Growing up, I used to trust everyone. I thought everyone was an angel. This has only brought me heartaches. Because, obviously, not everyone is trustworthy. At some point in my life I had enough and I was like “I’ll never trust anybody again”. I have had a really hard time knowing when to trust people. However, I developed somehow an inner guidance that tells me when to trust people. That guidance is my gut, which is so weird because we always hear people talking about how you should follow your heart or something like that. But my heart isn’t the one who goes crazy and jumps in its place (that sounds weird, I know) when something bad is about to happen. It’s my gut that cautions me.

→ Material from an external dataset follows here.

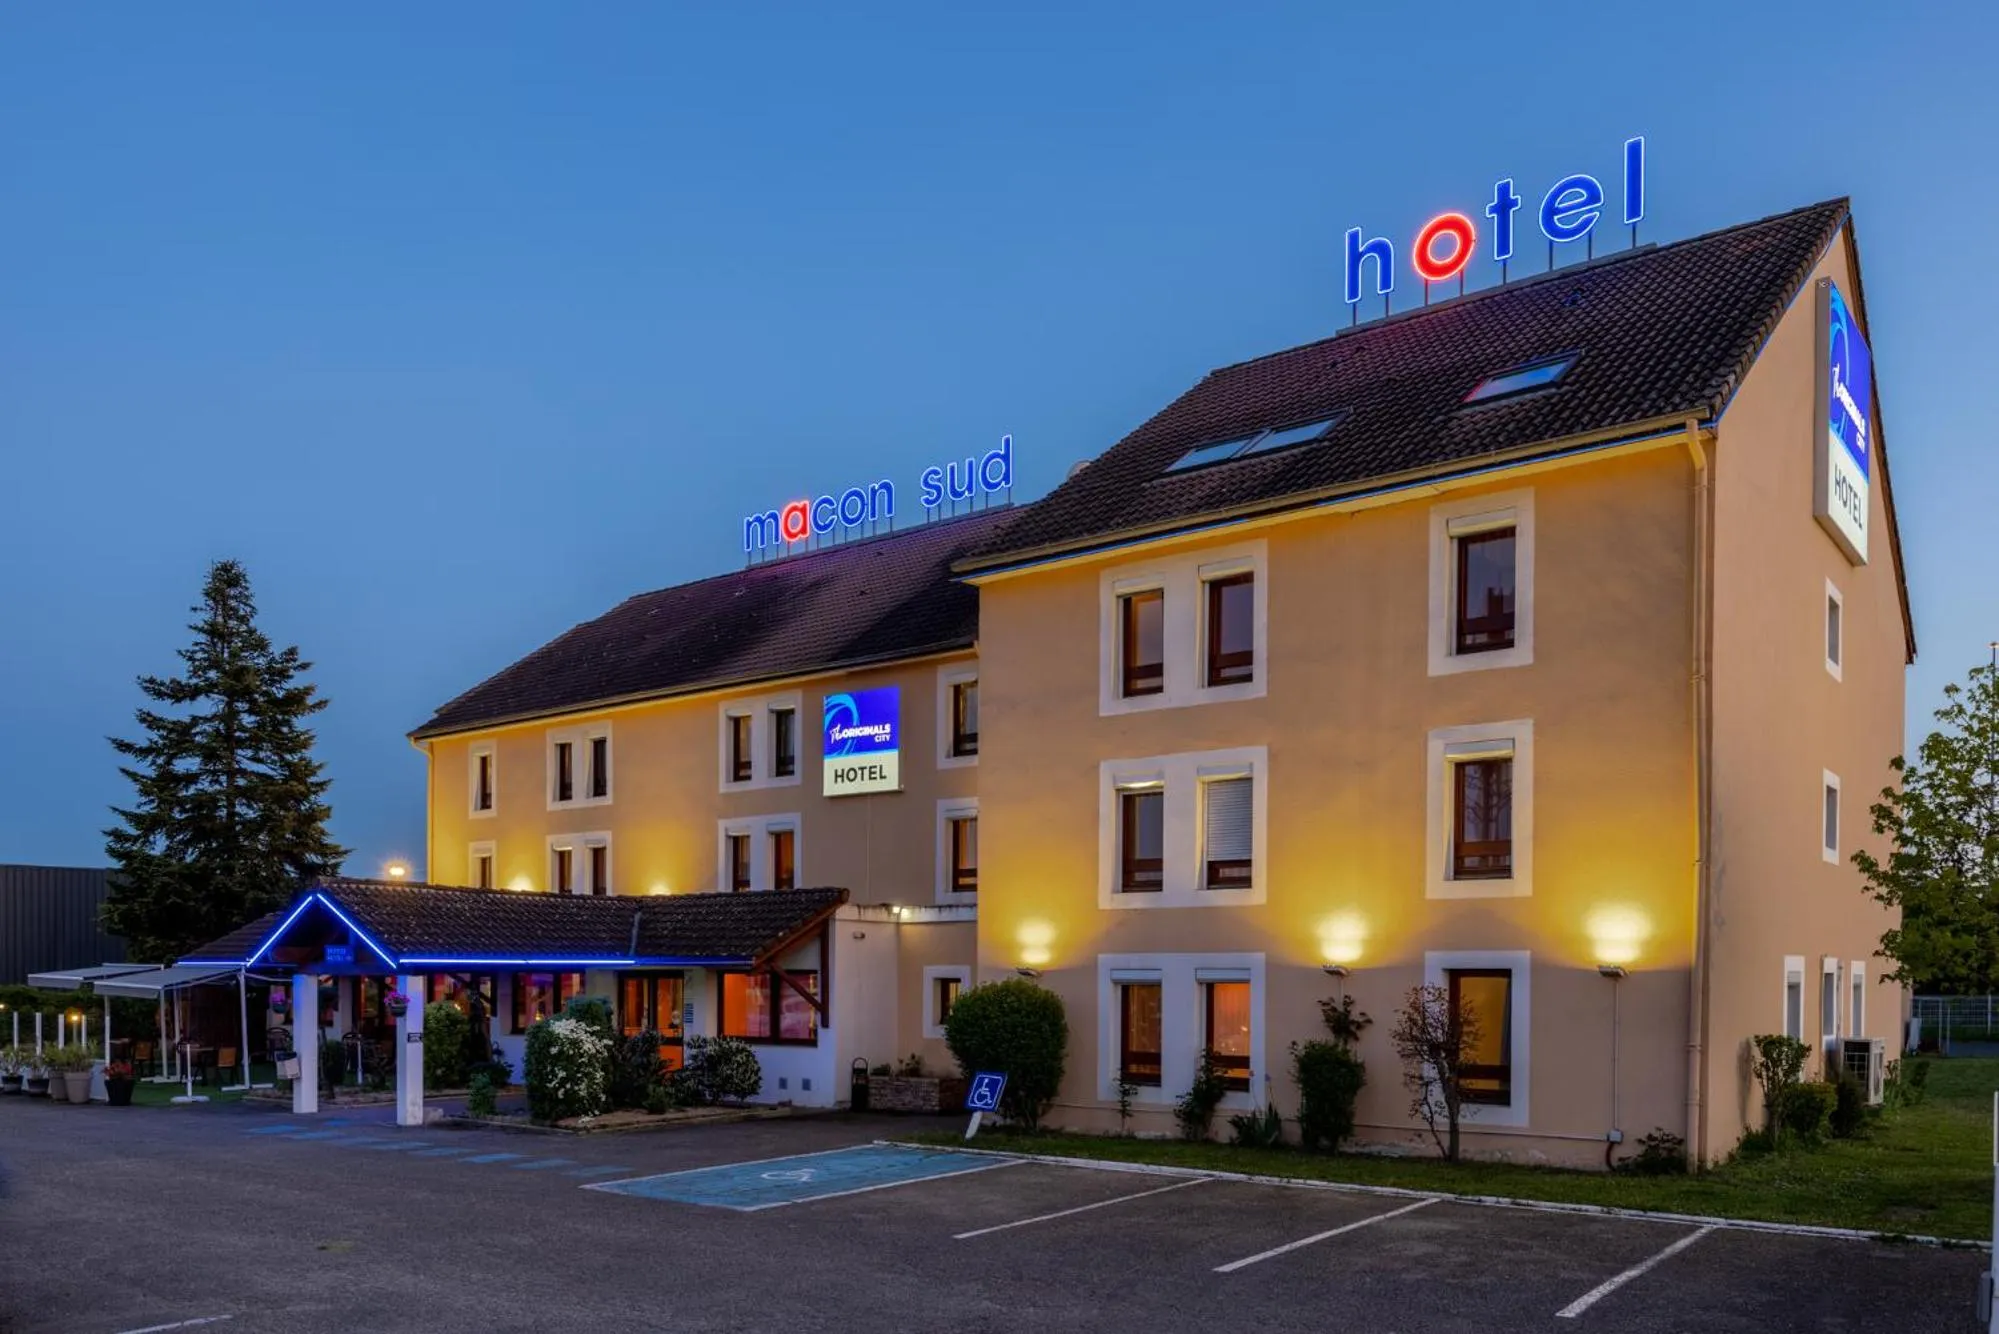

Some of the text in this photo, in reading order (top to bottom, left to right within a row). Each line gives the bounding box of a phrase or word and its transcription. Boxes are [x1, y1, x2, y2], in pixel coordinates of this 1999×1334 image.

[1344, 135, 1645, 304] hotel
[743, 434, 1012, 551] macon sud
[1834, 463, 1863, 531] HOTEL
[833, 763, 887, 784] HOTEL

To be honest, I don’t fully believe in that whole intuition thing. My gut is obviously not a fortune-teller or mind reader or something. But it’s happened to me many times that I’ve come to believe that my feelings are almost always right. Because I’m a very naive person and i (used to) trust people easily and that’s not always a good thing. So I’ve got to thank my gut for saving me the heartaches and that horrible feeling when you know that you’ve been a fool the whole time.
The reason why I’m sharing this, is because a “friend” has lately texted me. I was really surprised, because we haven’t talked for ages. At first my head was like: “Oh how sweet that he remembered you and wanted to say hi”. But then, you guessed it, my gut did its job. My head was again like: “Oh Diana, it’s not always like that”, but something in the way he talked didn’t make me feel comfortable. I don’t really want to be paranoid. I know that my feelings aren’t always right, and I hate it when i can’t trust anybody easily. But I’ve been in many situations when I hated myself for trusting a lot.
Have you ever felt this feeling or wondered if you should follow your head or gut. What do you usually do? Am I getting too paranoid about it, or I’m just trying to protect myself?